INSTRUCTIONS FOR THE TASK: Could you copy the records below exactly, leaving out any pictures?

ENTRIES SHOWN:
+---+

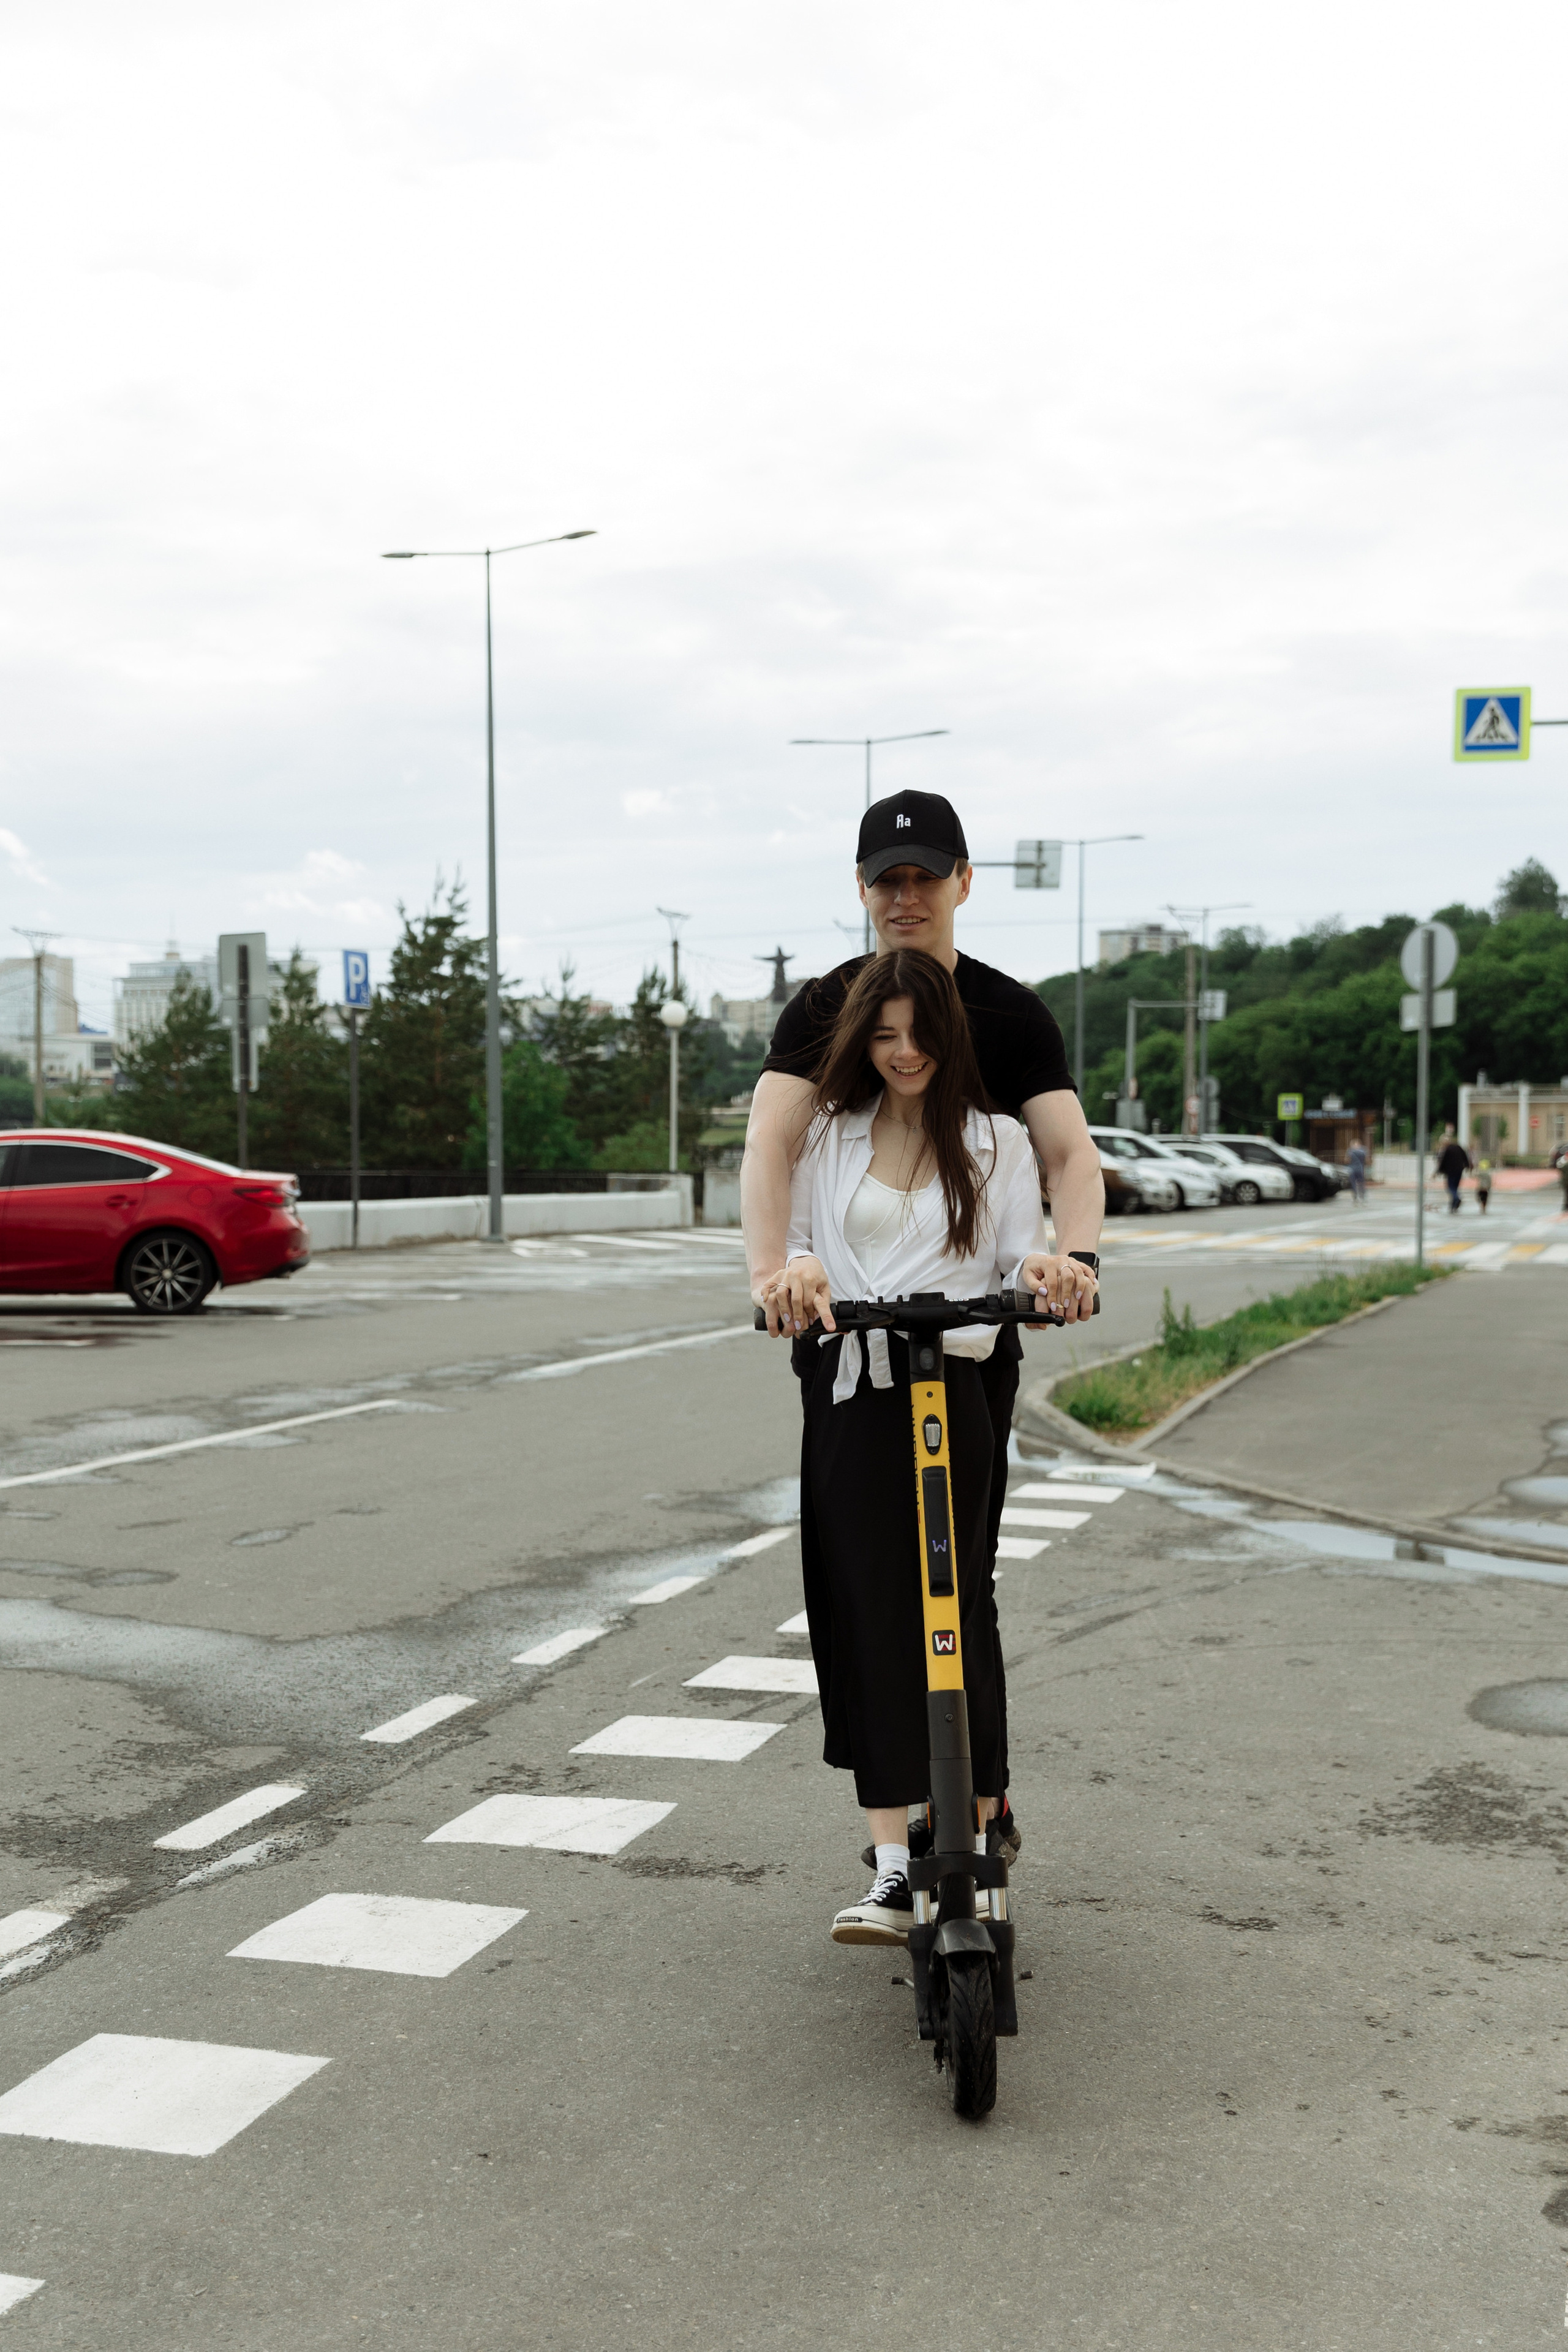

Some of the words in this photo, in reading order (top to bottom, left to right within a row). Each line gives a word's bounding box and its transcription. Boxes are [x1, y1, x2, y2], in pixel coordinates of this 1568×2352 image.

[896, 814, 911, 829] Aa
[348, 955, 366, 1000] P
[932, 1539, 947, 1553] W
[935, 1634, 953, 1651] W

+---+

SOLUTION TO THIS EXERCISE:
Some of the words in this photo, in reading order (top to bottom, left to right within a row). Each line gives a word's bounding box and its transcription. Boxes are [x1, y1, x2, y2], in pixel coordinates of this 1568×2352 image.

[896, 814, 911, 829] Aa
[348, 955, 366, 1000] P
[932, 1539, 947, 1553] W
[935, 1634, 953, 1651] W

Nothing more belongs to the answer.